Breeder Profile: Apple Lane Farm and Dayna Gant

  • October 23, 2014

Interview with Dayna Gant

Dayna has been breeding horses for 13 years and has competed through the preliminary division in eventing. She currently has ten horses that she’s bred, plus one retired broodmare and one active broodmare. In this exclusive interview, Dayna shares a bit of her story and advice for other breeders balancing their passion for producing horses with their real world jobs and lives.

Do you have another job? If so, what do you do?
Dayna: Right now, I have several other jobs! I own Apple Lane Group, a registered broker/dealer that specializes in raising capital from institutional investors. I also own Apple Lane Farm, which in addition to the horse-breeding component, is a pick-your-own apple orchard. We have approximately 150 apple trees over 40 years old. I handle the care of the trees. Plus, and I do consider this the most important, I have a fantastic husband, Michael Bailey, and I do everything I can to maintain a wonderful home life.
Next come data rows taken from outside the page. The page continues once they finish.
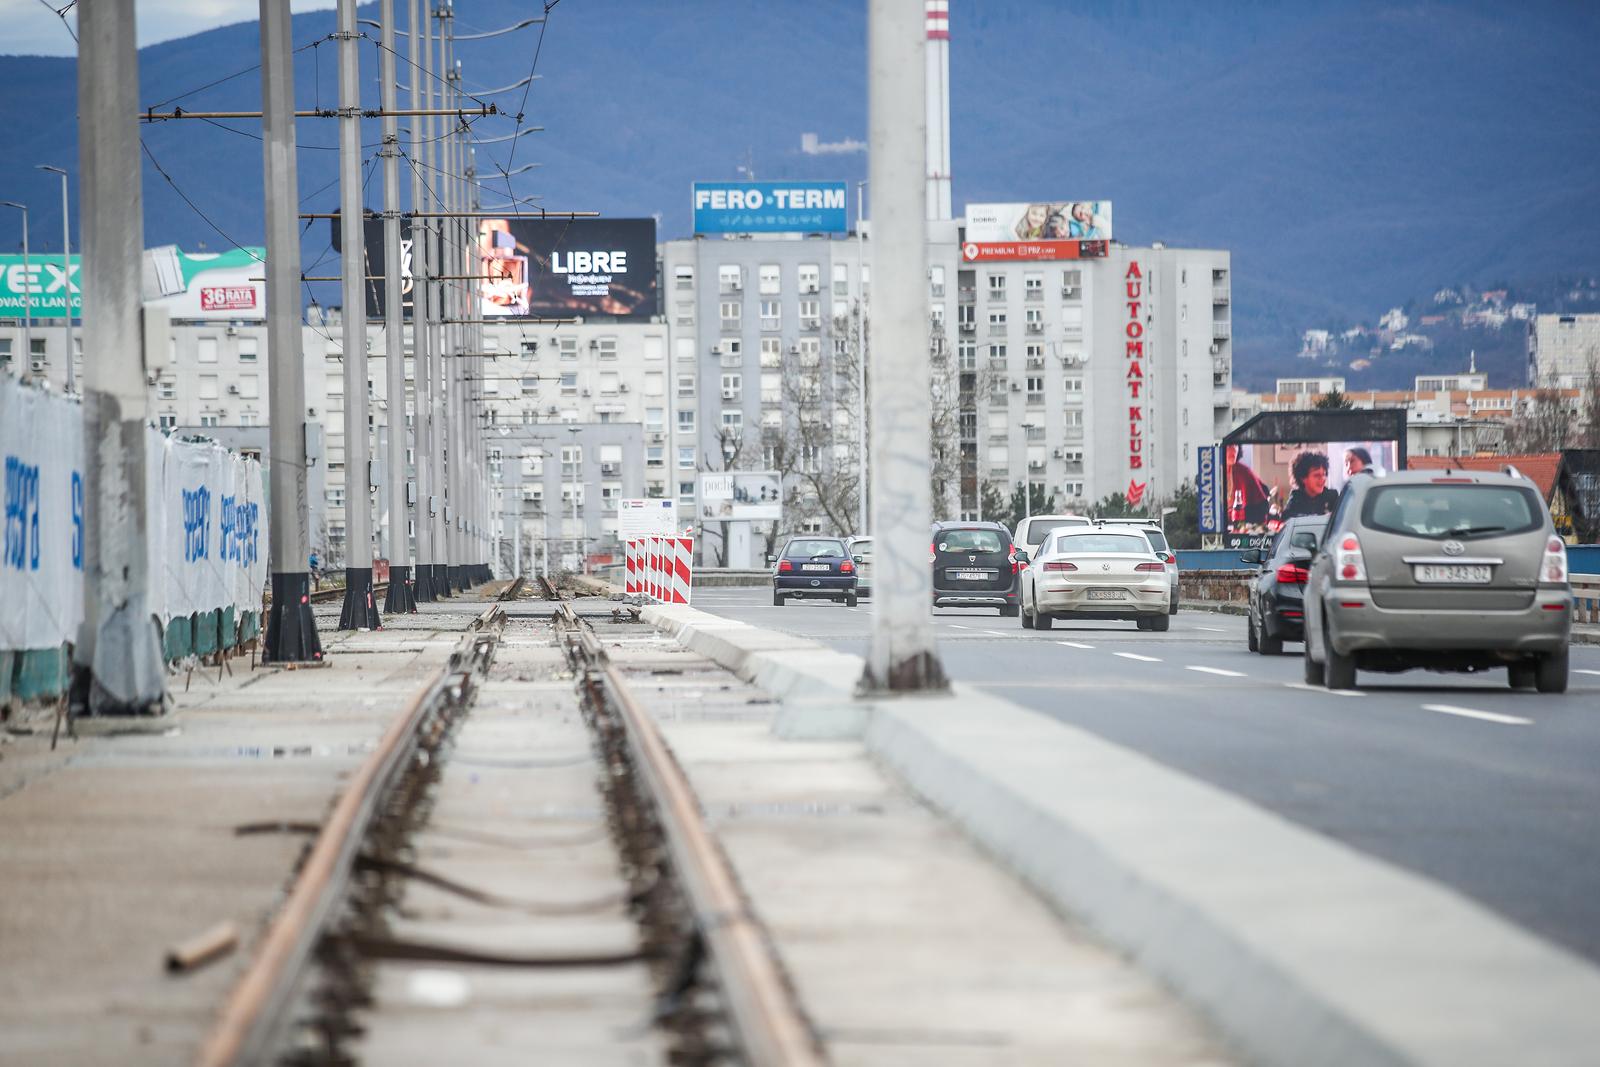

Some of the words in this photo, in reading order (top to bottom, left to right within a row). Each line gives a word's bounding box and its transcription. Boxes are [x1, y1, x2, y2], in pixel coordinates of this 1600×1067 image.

[696, 189, 763, 210] FERO
[773, 189, 845, 209] TERM
[552, 251, 627, 273] LIBRE
[42, 297, 81, 308] LANC
[204, 289, 225, 305] 36
[1126, 261, 1143, 398] AUTOMAT
[1129, 407, 1142, 469] KLUB
[1201, 449, 1214, 530] SENATOR
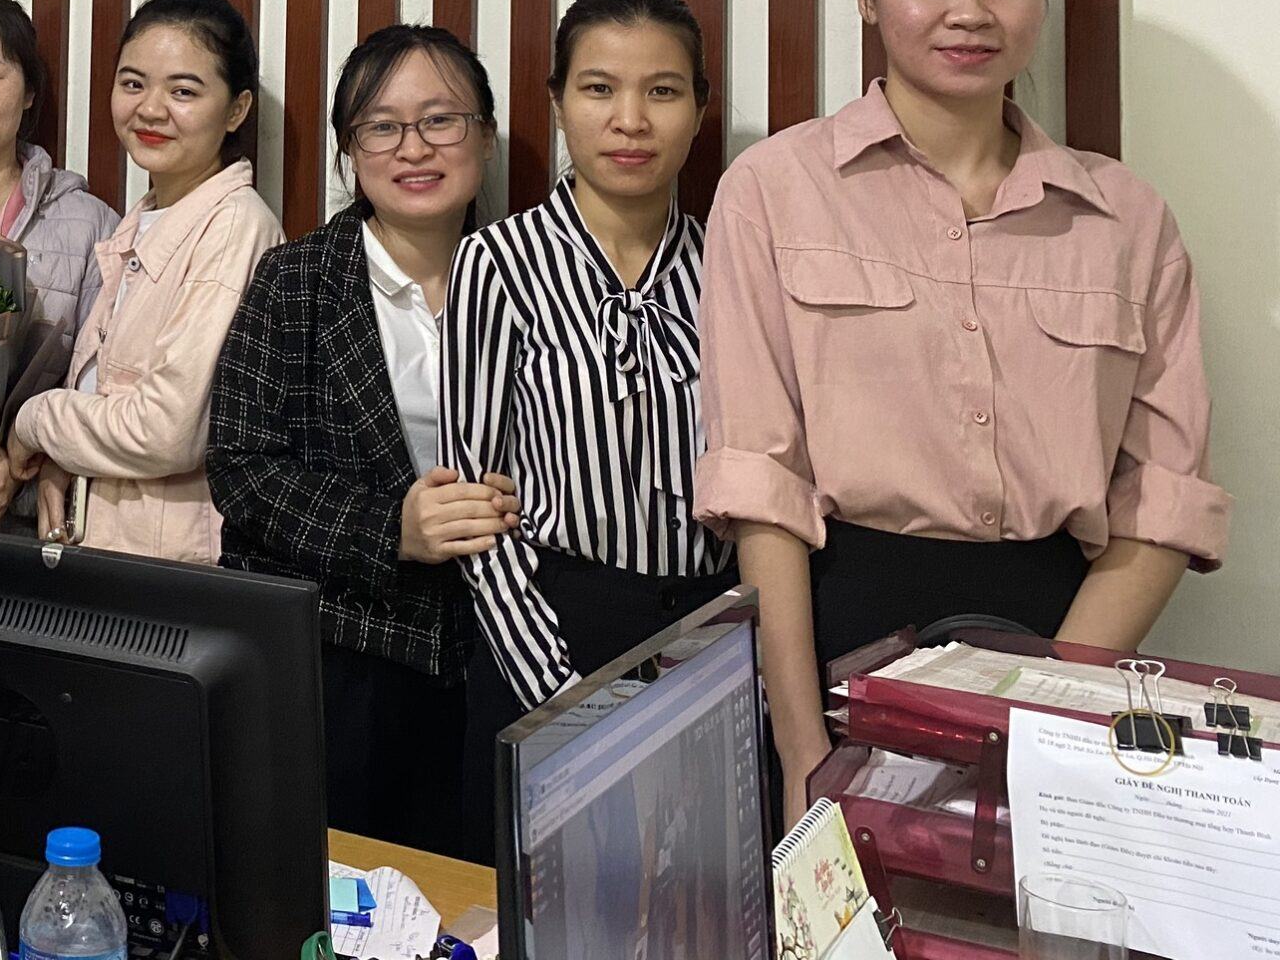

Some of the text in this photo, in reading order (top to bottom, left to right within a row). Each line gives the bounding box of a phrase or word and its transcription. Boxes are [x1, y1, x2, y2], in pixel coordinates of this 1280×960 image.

[1157, 783, 1182, 797] NGHỊ
[1184, 789, 1220, 802] THANH
[1222, 795, 1252, 808] TOÁN
What are some of the highlights, so far, of your breeding career?
Dayna: There have been many highlights! One is assisting a mare in foaling out a healthy foal. Another is sensing a youngster’s talents and encouraging them in that direction.

“The B boys”, Bono Sinclair and Bombay Sinclair, by Sir Sinclair, are truly a delight. I knew they would be great driving horses. Luckily for me as a breeder, a very knowledgeable driver/trainer, Mike Keatley, Southern Pines, NC, sought me out because Sir Sinclair is their sire. He bought them as two-year-olds and trained them for six years. Harmony Sporthorses purchased them for Paul Maye to drive with the goal of reaching the World Cup one day. They won their first two Preliminary CDEs and then the Preliminary Championships with Paul at the controls. That's thrilling.
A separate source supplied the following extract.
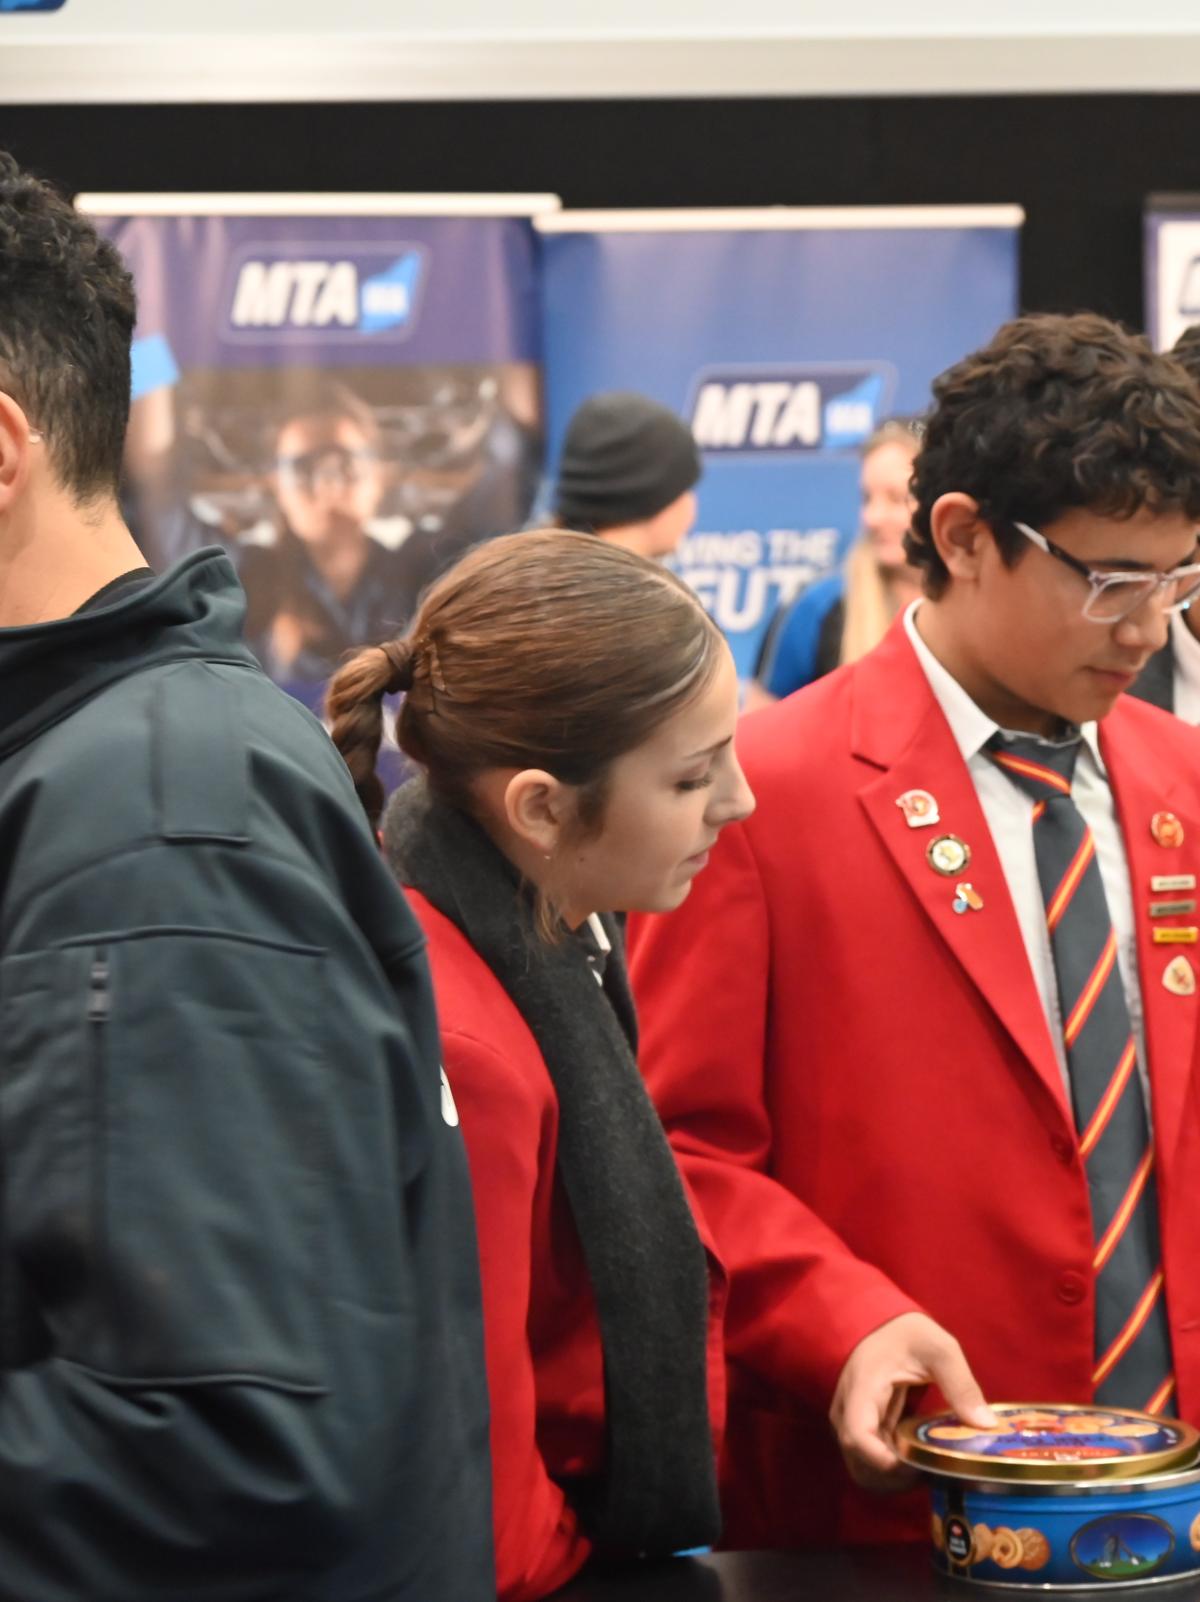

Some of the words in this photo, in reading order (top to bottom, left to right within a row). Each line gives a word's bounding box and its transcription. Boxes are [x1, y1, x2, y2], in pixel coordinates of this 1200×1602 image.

[231, 260, 358, 327] MTA
[692, 381, 821, 448] MTA
[682, 566, 817, 632] FUT
Another highlight are “the C boys”, Chivas and Cuervo, both by Judgement ISF. They are full brothers, but were not conceived in the same cycle and are quite different in type and character. I knew Chivas would be a great jumper and had grit. When he was six, I handed the reins to Daniel Geitner, Aiken, SC. He’s competing successfully at the 1.35 - 1.40m level. Cuervo was slower to mature. Once I realized I had a really good event horse, I turned him over to Gina Fiore, Ormand Beach, FL, who is successfully competing him in at the Preliminary Level.
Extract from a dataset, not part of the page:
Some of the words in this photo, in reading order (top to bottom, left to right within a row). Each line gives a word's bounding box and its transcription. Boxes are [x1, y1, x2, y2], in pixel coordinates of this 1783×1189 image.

What advice do you have for other breeders?
Dayna: I think the best advice I have for other small breeders is to be realistic and be patient. Plan ahead for who's going to work with your young ones if you don’t sell them as foals (and I never do), and especially if you don't have experience working with young horses. There is no way to cut corners with young ones.

How do you select your stallions?
Dayna: I've chosen to breed Dutch horses because of their strict guidelines for what constitutes a great sport horse. And I have respect for all the hard work and proven success at ISF. I look for temperament, gaits, soundness and athletic ability.

For a small breeding program, one key advantage is to work with an experienced breeding farm. I've been able to save a lot of time and money by having ISF handle many of the breedings on their farm with their vets. It increases your chances of catching a mare quickly and decreases all the costs of shipping semen, whether fresh or frozen, and multiple farm calls.

How do you find trainers for the horses you produce?
Dayna: That is the million-dollar question. I'll suggest be humble and be open-minded. There's no magic recipe to start a horse and every horse requires something different. Branch out and learn from multiple trainers. I've been riding for a long time and I've never quit learning.

I've been fortunate enough to work with Roddy Strang, Kirkwood PA, now for 10+ years. I also work with Greg Eliel out of Wisdom, MT. Both Roddy and Greg trained under some of the superstars of natural horsemanship such as Tom and Bill Dorrance and Ray Hunt. I'm also fortunate enough to have world class grand prix dressage trainer/rider Jim Koford visit my farm just about every year. I also work with a wonderful woman near me, Claudia Lauze, who is very skilled at long lining. Around New England I can trailer to a number of local schooling shows/events and have friends/trainers help be my eyes on the ground

Until the young ones are three, we work with them daily on the farm-- feet, grooming, standing, farrier, all the normal stuff, but also a lot of ground work in a rope halter. Roddy and Greg have taught me that the young athletic ones want to please, but often their minds and their bodies are not in sync.

Typically I have two foals a year, so they are very bonded with each other. When they are three we separate them, and Roddy starts one and I start one. After the three-year-old keuring, they get turned out until they are four. Then I do the legging up and basics. As I've gotten older I've been fortunate enough to have a few young adults, Megan Troy, my barn manager, and Sydnee Gallant, help me with some of the riding when I'm away.